Pénétrante et éclairante, malgré qu’on y semble un peu pressé d’en finir, la conclusion de l’ouvrage coule de source : « les fidèles sont à la fois semblables et différents de ceux qui n’ont pas de commerce avec la religion » (p. 264).  En émerge une lecture d’ensemble qui pourrait tenir en quelques énoncés : 1) la « transmission intergénérationnelle » occupe une « place cardinale » dans la fidélité religieuse (p. 264) ; 2) les héritiers s’approprient leur héritage religieux en s’appuyant « sur la nature du legs qui leur a été transmis, la façon dont celui-ci leur a été inculqué, le contexte dans lequel il fut énoncé, la tonalité dans laquelle il s’est concrétisé » (p. 266) ; 3) le succès de la transmission aux enfants, même par des fidèles qui entretiennent avec la foi des rapports distendus, est possible «lorsque  la religion se conjugue (...) au quotidien et se mêle intimement à la vie de tous les jours, à l’intérieur et à l’extérieur de la sphère domestique » (p. 267) ; 4) l’engagement communautaire et social constituerait l’élément le plus marqué de la « dépense » religieuse, particulièrement en raison de son potentiel « chronophage » – « la fidélité prend du temps » (p. 270) ; 5) bien plus que les perspectives de la « transcendance », c’est « l’idée de participation » qui serait déterminante pour les croyants – participation « à la marche du monde », occupation de « la place qui peut et doit être la leur dans son évolution et sa progression » (p. 273).
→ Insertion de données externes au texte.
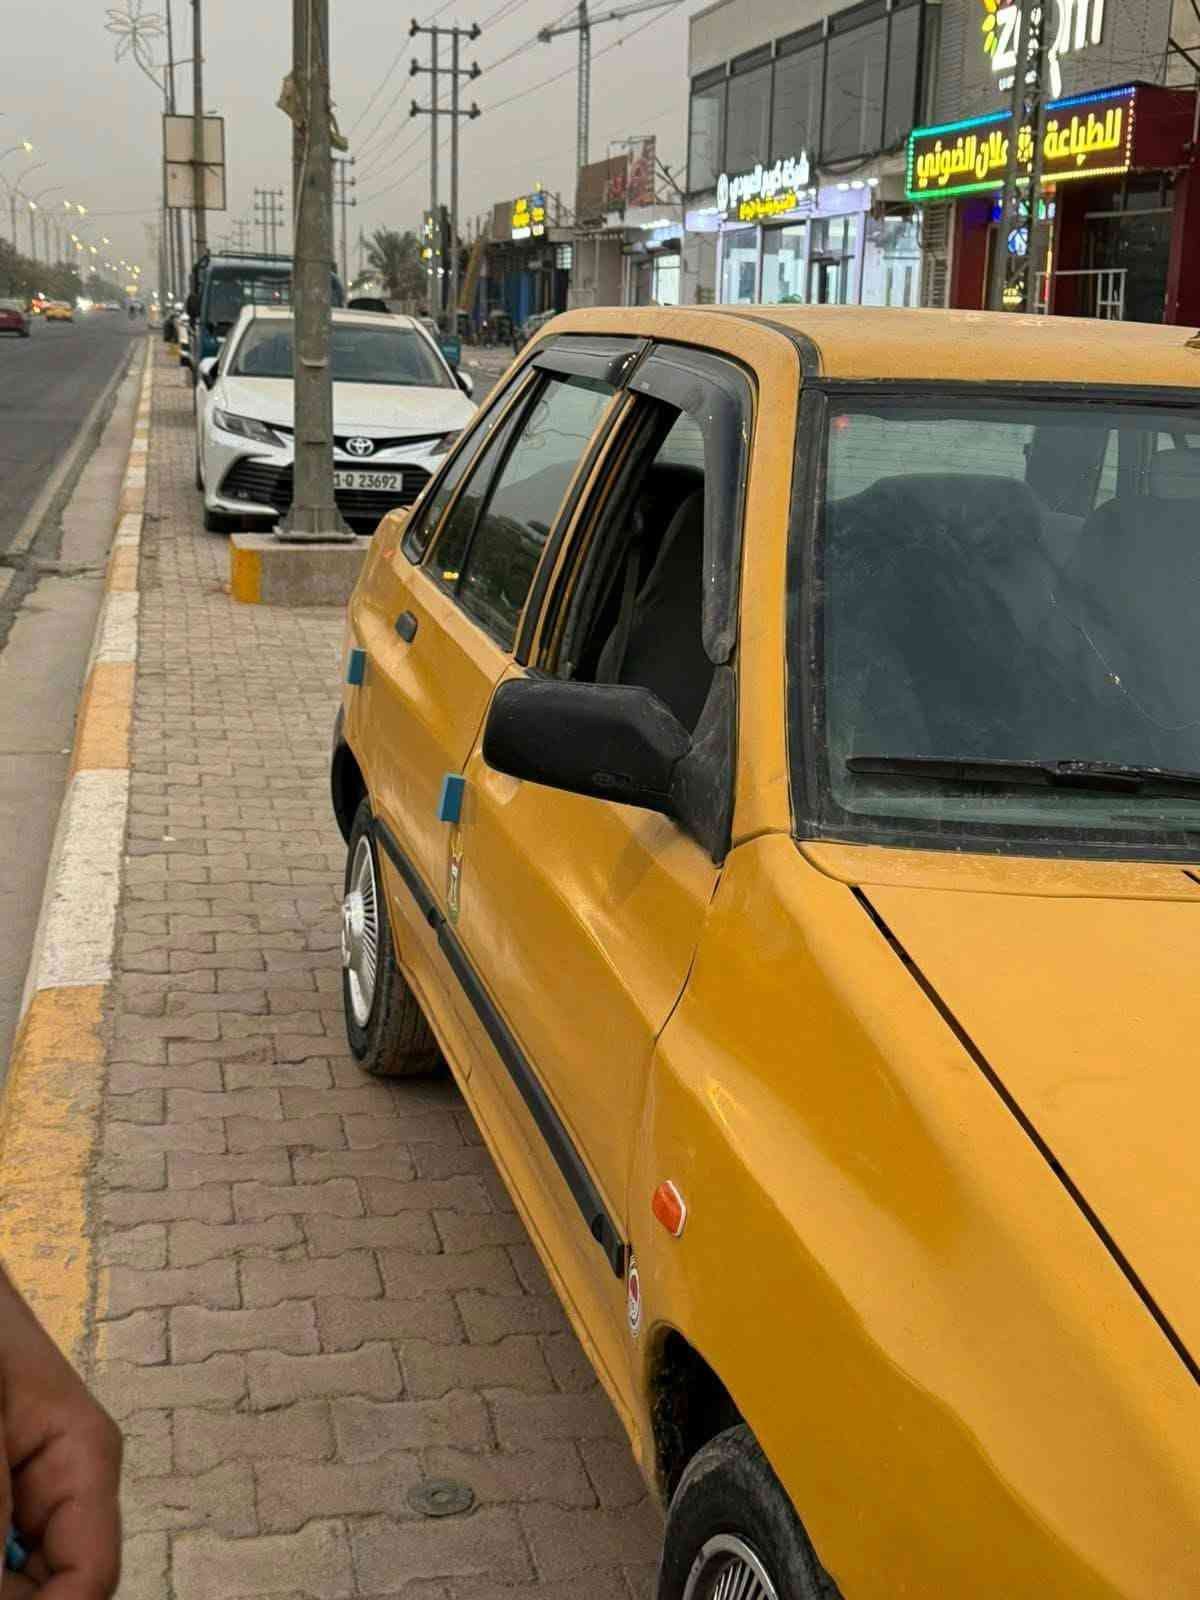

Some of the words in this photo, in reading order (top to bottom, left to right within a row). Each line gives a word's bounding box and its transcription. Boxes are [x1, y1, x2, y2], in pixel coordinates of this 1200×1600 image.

[917, 133, 977, 189] الضوئي
[1043, 107, 1123, 166] للطباعة
[359, 473, 398, 490] 23692
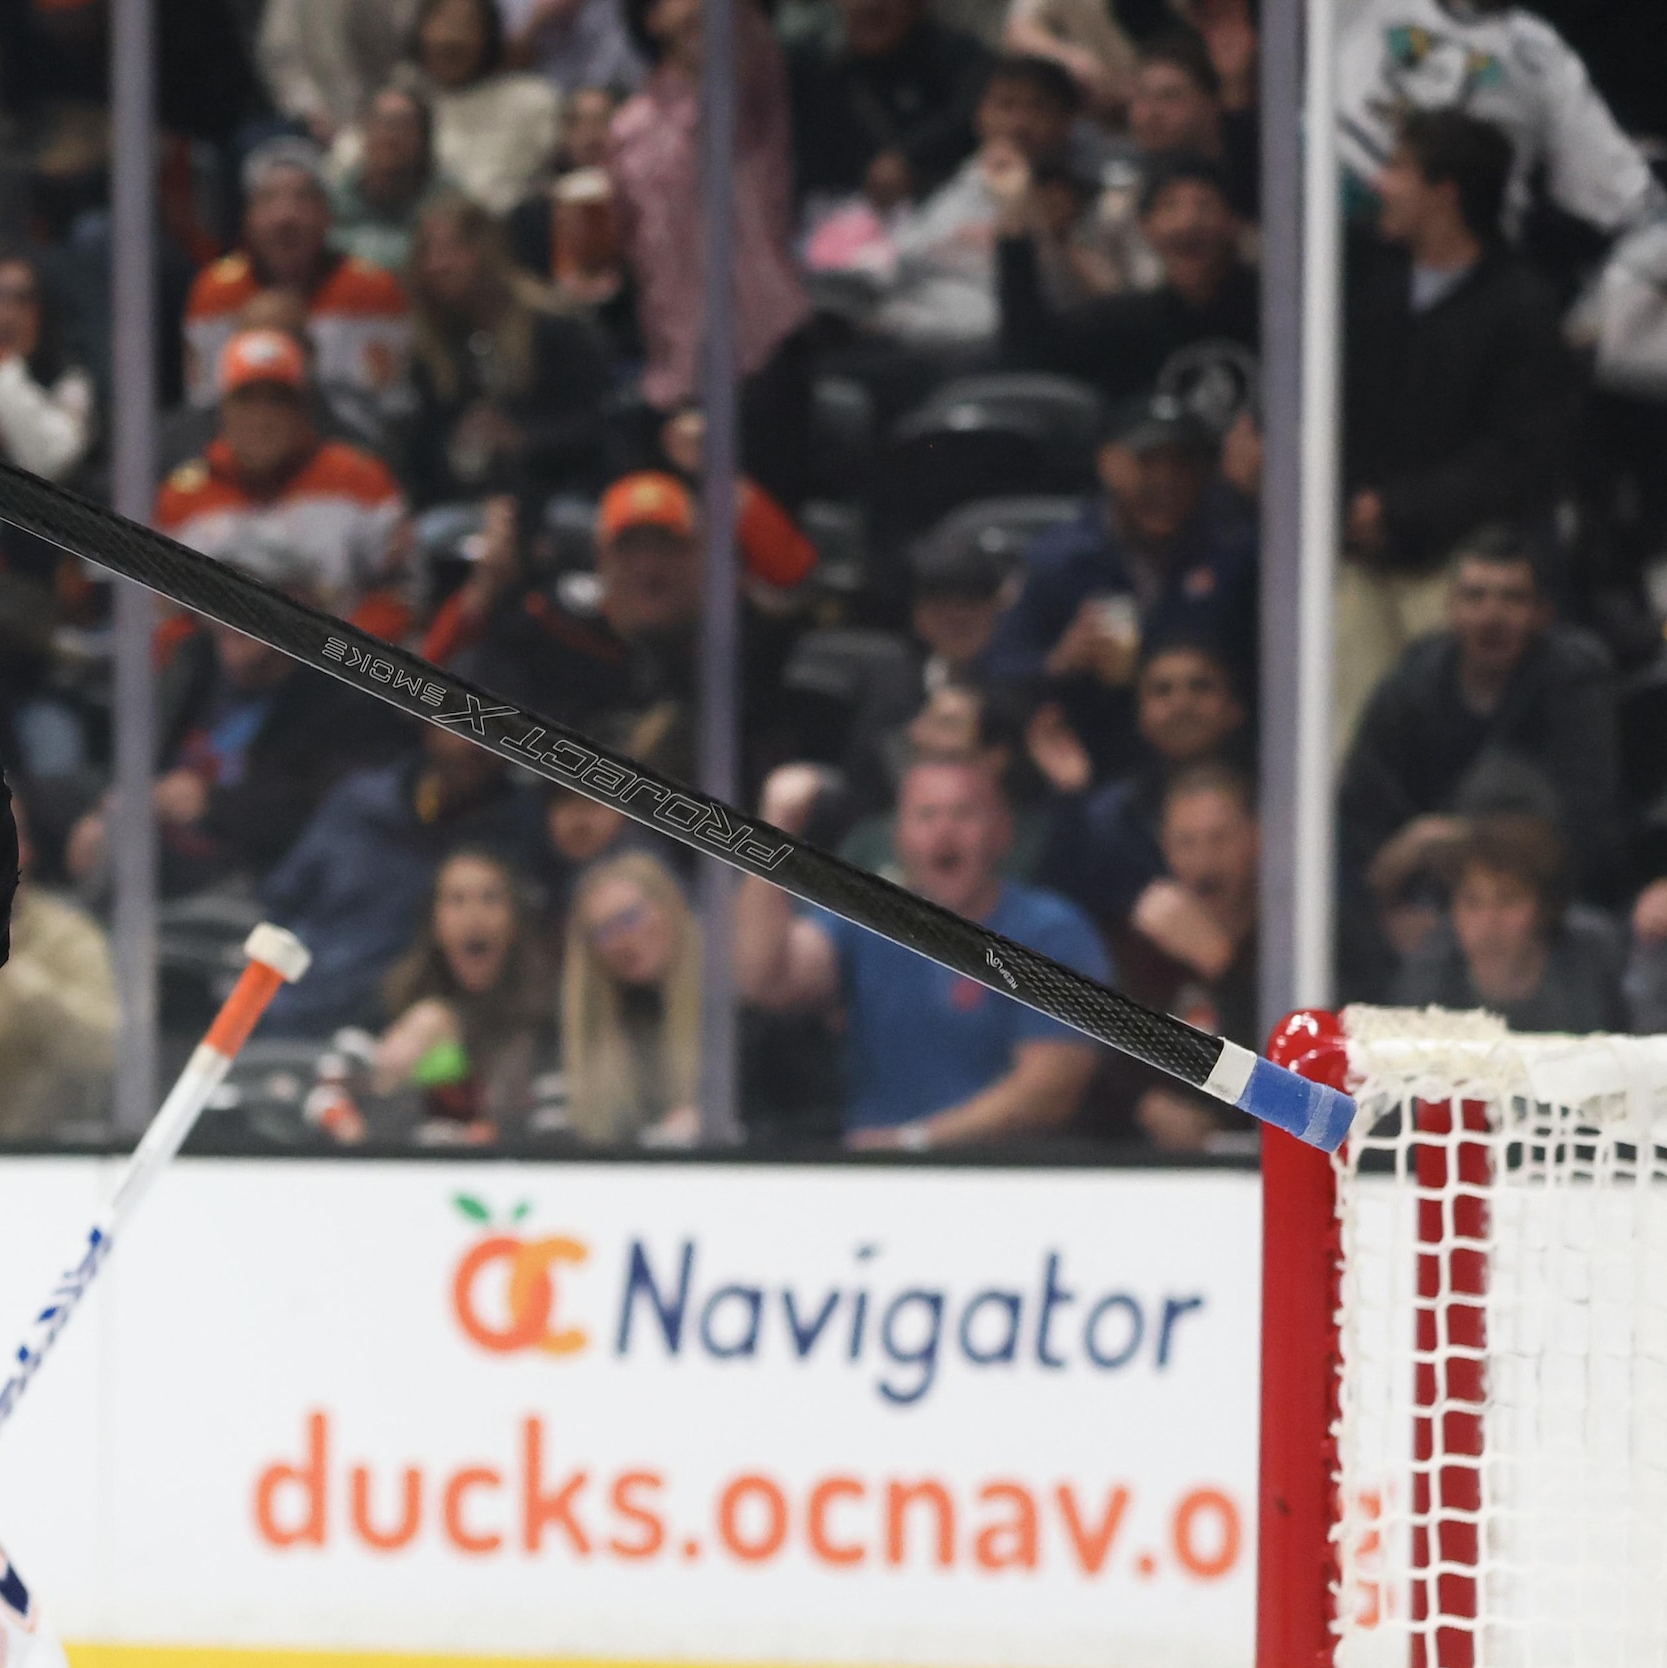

Les fidèles seraient-ils donc des « consommateurs »? « Chacun jugera », termine abruptement l’auteure (p. 279).

 

Chacun jugera aussi de l’apport de ce type d’étude à la compréhension de l’expérience religieuse, voire à l’élucidation de ce qu’est la religion.  Une douzaine de témoignages n’ébranleront pas les colonnes de l’académie. Mais il faut souligner d’emblée la richesse et la pertinence de ce travail intelligent et empathique, qui ne se prive pas de riches et abondantes références théoriques.   On ne sait évidemment pas ce que révélerait une telle enquête menée auprès de témoins plus « convaincus », ou même qui auraient « fait vœu de théologie » (p. 273). Ou encore auprès de croyants engagés dans des cheminements d’allure mystique, voire ascétique. Peut-être aussi de croyants issus d’autres traditions religieuses, voire recrutés en dehors du contexte français. Mais c’est déjà énorme de traiter concrètement du religieux comme le fait Anne Gotman, sans parti pris, sans volonté de démonstration. Il faut souhaiter que cette voie soit davantage fréquentée et explorée : elle est prometteuse.